The cutouts on the back plate are too far away from those on the pulleys to do the detail adjustment.
If you don't have the cam locks then you have to find some way of holding all four in the correct position while you route the belt and do the intial tensioning. You don't have enough hands!
It's dead easy to turn the crank with the belt as you fit it, so that's also needed.
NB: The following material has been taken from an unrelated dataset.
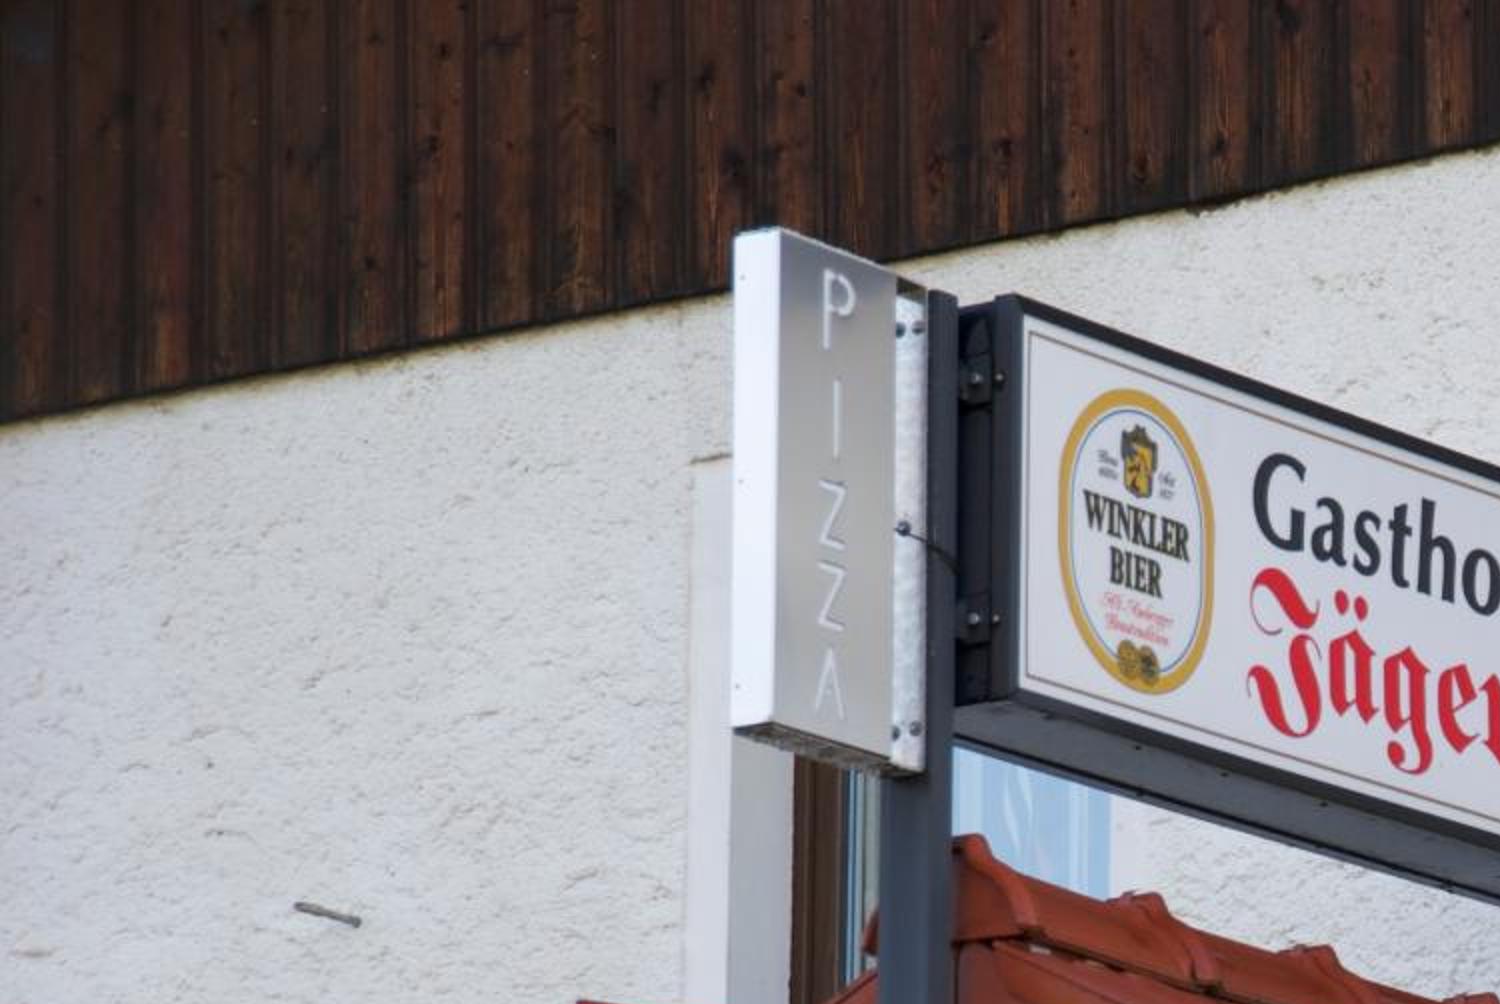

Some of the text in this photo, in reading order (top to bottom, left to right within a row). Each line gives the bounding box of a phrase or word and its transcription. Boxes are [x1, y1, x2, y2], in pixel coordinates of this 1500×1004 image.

That only leaves the alignment tool, and you're never going to know that all five pulleys are correct without it.
So it's
possible to change the belt without the tools, but you'll have to improvise some form of locks(although the cam wedges don't cost much on their own) and you still won't get it right. Mine was a tooth out on all four cams when I bought it, and I thought it was smooth and powerfull. Fitting the new belt correctly improved both and increased the average fuel economy by 3MPG. Work out the cost of that over the belt's 40,000 mile life, and getting it right is a financial necessity as well as a mechanical one.